The input dataset is an Excel [file](https://drive.google.com/open?id=14GvlMCBLR9FQ_BsCeg0tj-pb1AadXr3G3gKPnrfm8gg) provided as part of the [OpenGeoHub Summer School 2019](https://opengeohub.org/summer_school_2019).
We'll use these packages
```{r}
suppressPackageStartupMessages({
library(dplyr)
library(sf)
})
```
And read-in the input data as follows
```{r, warning=FALSE, message=FALSE}
train = readxl::read_excel("SpatialPrediction.xlsx", sheet = 1)
covar = readxl::read_excel("SpatialPrediction.xlsx", sheet = 2)

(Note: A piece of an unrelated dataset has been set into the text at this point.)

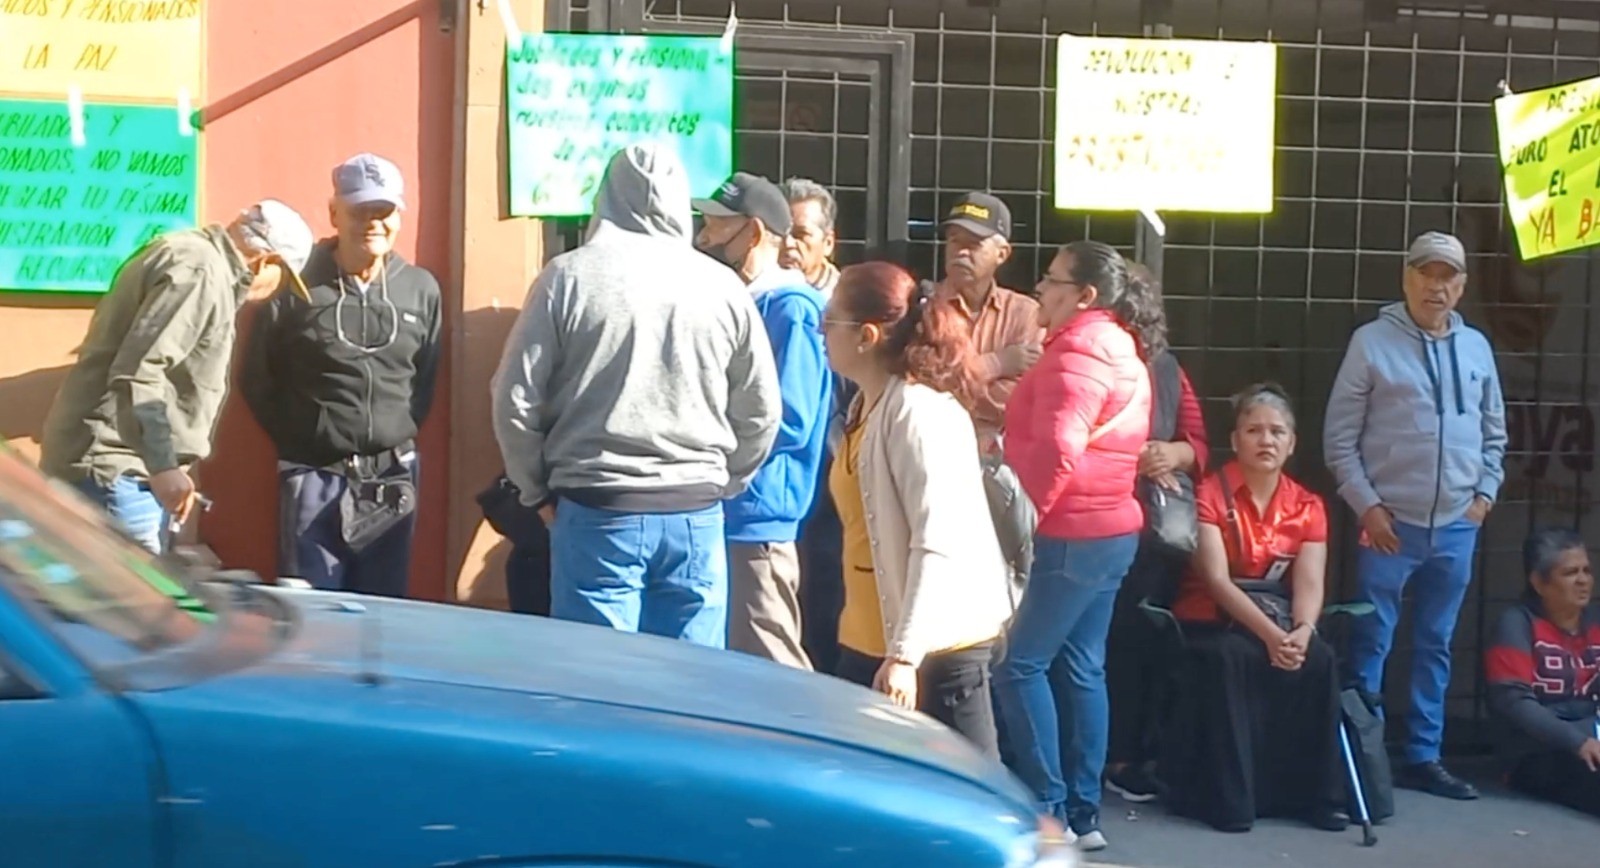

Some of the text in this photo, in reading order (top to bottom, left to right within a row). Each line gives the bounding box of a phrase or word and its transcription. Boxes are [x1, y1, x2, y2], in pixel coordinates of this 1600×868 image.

locat = readxl::read_excel("SpatialPrediction.xlsx", sheet = 3)
# times = readxl::read_excel("SpatialPrediction.xlsx", sheet = 4) # what is this?
targt = readxl::read_excel("SpatialPrediction.xlsx", sheet = 5)
```
The objective is to fill the NA values in the `targt` data:
```{r}
targt[1:3]
```
Let's do some data cleaning and plot the data:
```{r}
d = inner_join(train, covar)
d = inner_join(d, locat)
dsf = sf::st_as_sf(d, coords = c("X", "Y"), crs = 4326)
summary(dsf)
mapview::mapview(dsf %>% sample_n(1000))
```
A simple model:
```{r}
m = lm(PM10 ~ humidity + temperature, data = d)
p = predict(object = m, newdata = d)
plot(d$PM10, p)
cor(d$PM10, p)^2
```
A simple linear model can explain ~3% of the variability in PM10 levels, not great!